I tried everything I could to get pregnant. Each new method was a challenge to my self-esteem, and also my marriage
My husband flicked the syringe to remove the air bubbles. Aside from hipsters lounging at candlelit tables across the street, the sidewalks were clear. If we worked together, I could shoot up before anyone walked by. By the glow of the dome light, I pulled up my shirt, unbuttoned my pants and swiped an alcohol pad across my stomach while he prepared the injection.
I held my breath, and he plunged the needle in my belly, ringed with the bruises that marked his love for me. For an upcoming fertility treatment, I had to inject myself that evening, during the hours I attended a book reading in Los Feliz. By the time my husband and I left the reception — where the two of us going into the house’s sole bathroom would have perplexed guests – it was too late to wait until we returned home.
We’d been trying to get pregnant for more than a year and a half, starting when I was 33 years old. The cause of our infertility remained a mystery, and I couldn’t help but feel my body had failed me, the athletic and dependable body that had carried me through a triathlon, a marathon, hikes in the Sierras and reporting trips in Asia and Latin America.
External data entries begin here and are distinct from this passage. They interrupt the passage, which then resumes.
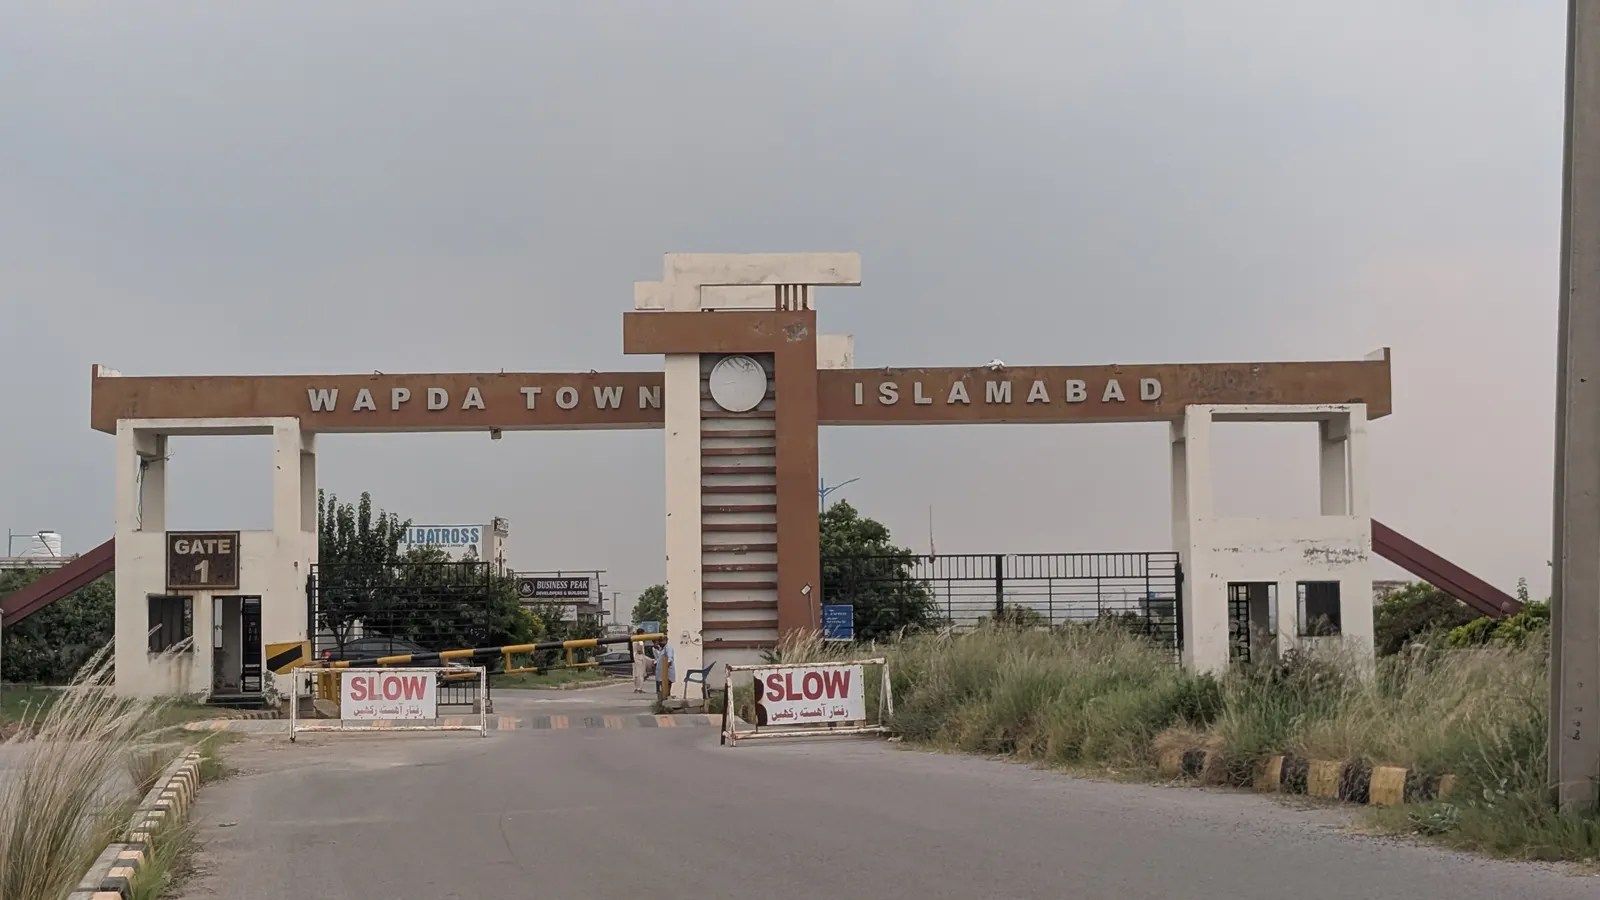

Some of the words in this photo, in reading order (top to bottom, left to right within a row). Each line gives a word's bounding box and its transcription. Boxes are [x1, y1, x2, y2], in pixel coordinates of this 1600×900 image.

[307, 387, 486, 412] WAPDA
[520, 386, 661, 410] TOWN
[854, 377, 1163, 405] ISLAMABAD
[174, 539, 231, 555] GATE
[194, 559, 209, 583] 1
[536, 580, 568, 589] BUSINESS
[569, 580, 588, 589] PEAK
[350, 676, 427, 701] SLOW
[766, 669, 851, 702] SLOW
[405, 704, 423, 716] رفتار
[829, 705, 849, 718] رفتار
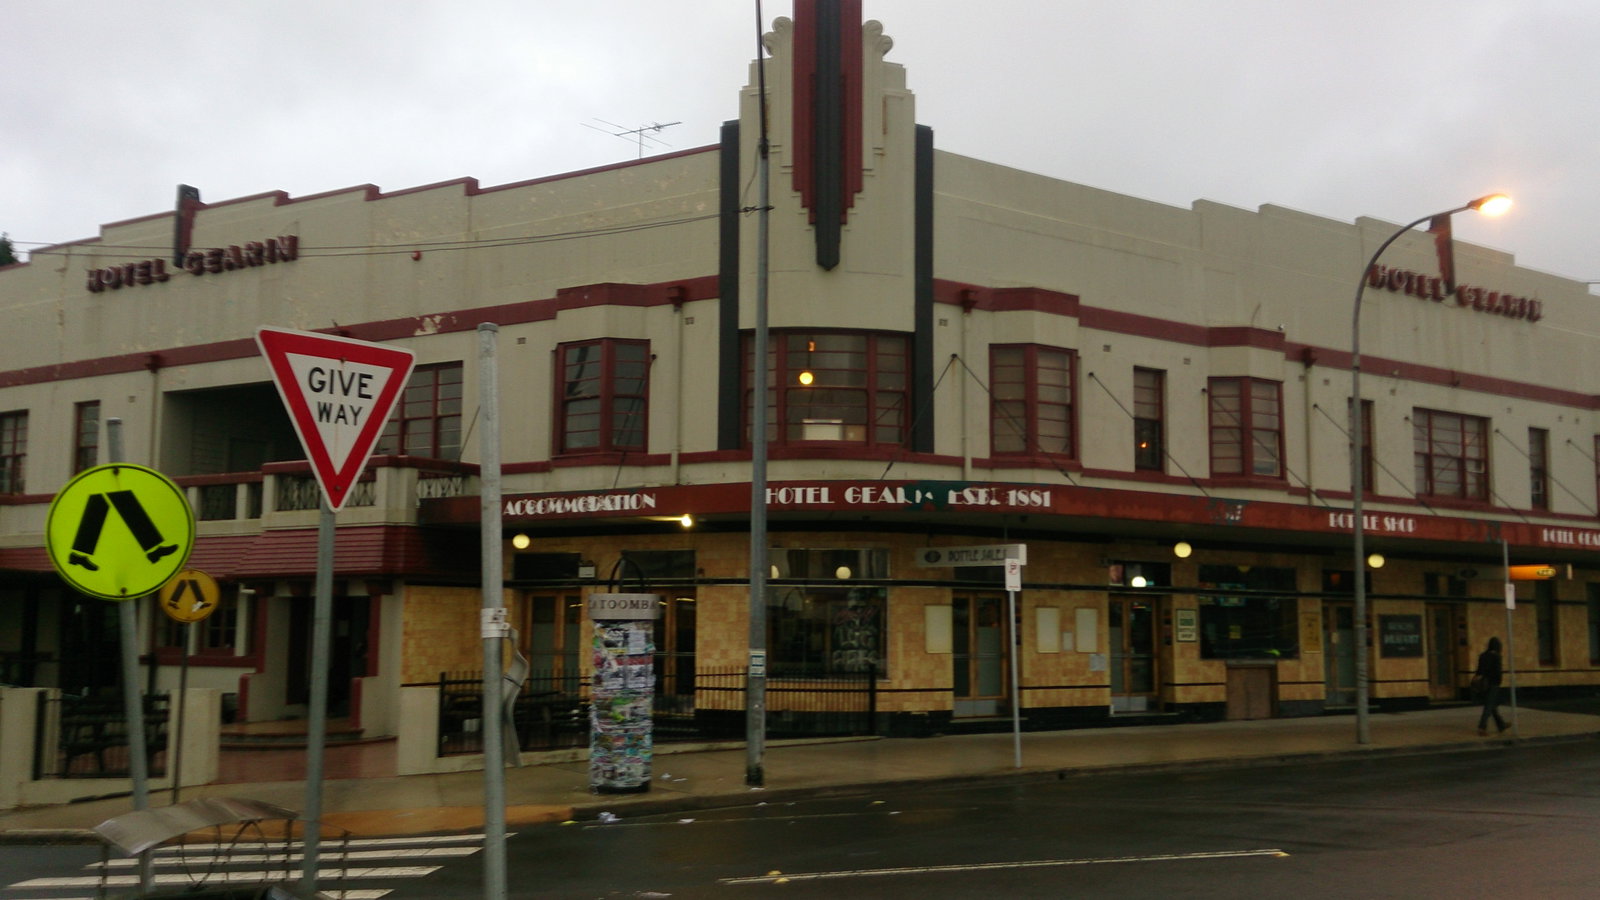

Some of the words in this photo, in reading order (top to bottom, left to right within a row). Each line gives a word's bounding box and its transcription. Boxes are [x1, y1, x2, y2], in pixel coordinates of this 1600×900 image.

[86, 257, 169, 293] HOTEL
[182, 235, 299, 276] GEARIN
[308, 366, 374, 400] GIVE
[317, 401, 364, 426] WAY
[766, 486, 834, 505] HOTEL
[1009, 488, 1051, 508] 1881
[1328, 512, 1380, 531] BOTLE
[1384, 515, 1416, 533] SHOP
[1542, 527, 1575, 545] HOTEL
For months, I faithfully, blearily charted my basal temperature upon waking and tracked my ovulation by urinating on a tester, even while backpacking, crouched over a pit toilet. I stopped logging onto Facebook, after crumpling inside each time friends posted photos of their belly bump or their newborns. When a close friend called with news of her pregnancy, I congratulated her, trying to keep the quaver out of my voice. I had to hold it together because I didn’t want to spoil her joy, but as soon as I hung up, I burst into tears. My husband took his hand off the steering wheel and squeezed mine. “You were strong.”
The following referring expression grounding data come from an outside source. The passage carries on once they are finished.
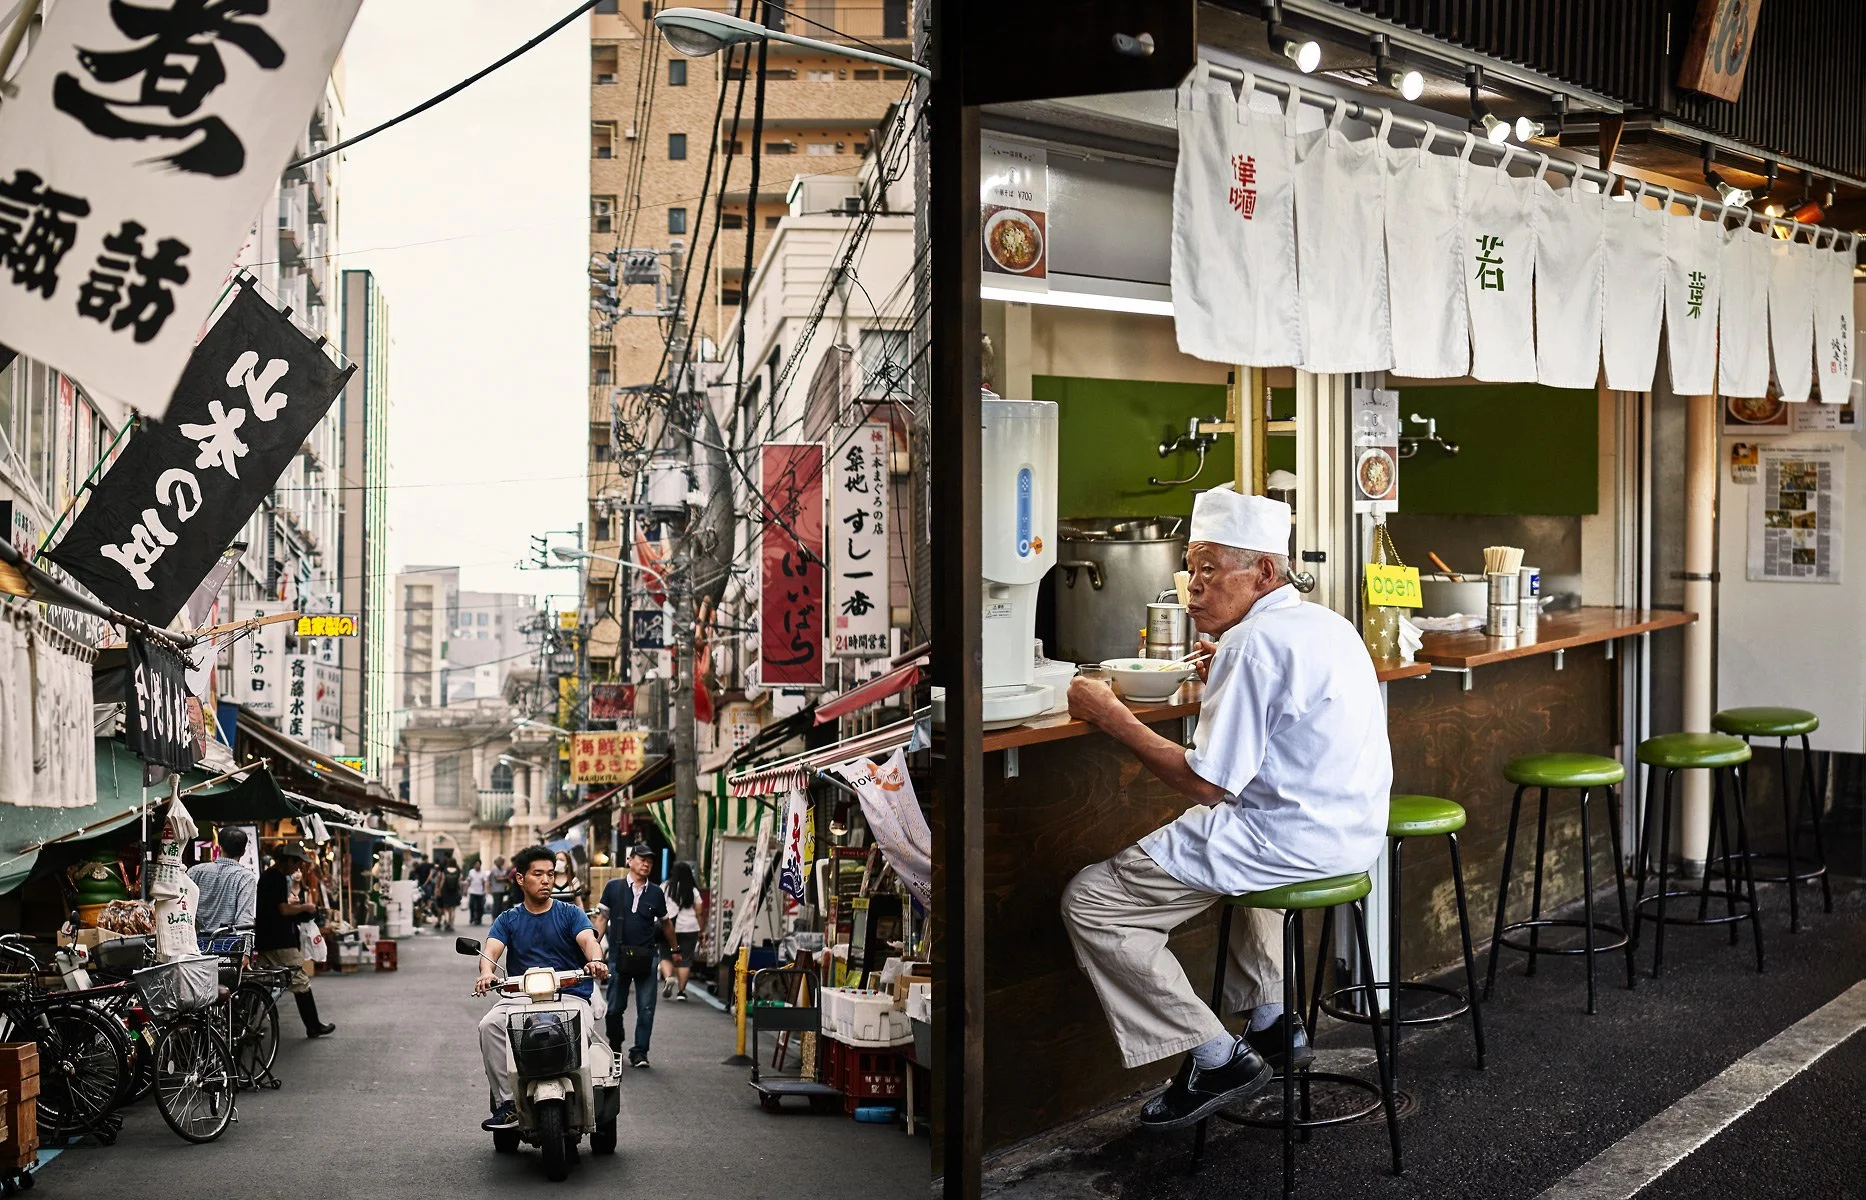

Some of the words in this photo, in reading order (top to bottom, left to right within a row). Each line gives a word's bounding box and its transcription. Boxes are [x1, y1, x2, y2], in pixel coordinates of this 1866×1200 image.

[1018, 190, 1033, 201] ¥700
[0, 169, 191, 343] 諏訪
[1475, 234, 1505, 291] 若
[1686, 271, 1707, 319] 葉
[870, 429, 884, 535] 極上本まぐろの店
[1373, 575, 1416, 602] open
[297, 615, 353, 637] 自家製の
[835, 634, 888, 651] 24時間営業
I began taking fertility medications with side effects of nausea and bloating, which cruelly mimicked early signs of pregnancy, filling me with hope until I felt the familiar ache in my legs and my skin turned oily, signaling my period. Hours each day, I searched online, hoping to uncover secret cures. I tried acupuncture, and washed down mysterious little black Chinese herbal pills with a witch’s brew of foul teas.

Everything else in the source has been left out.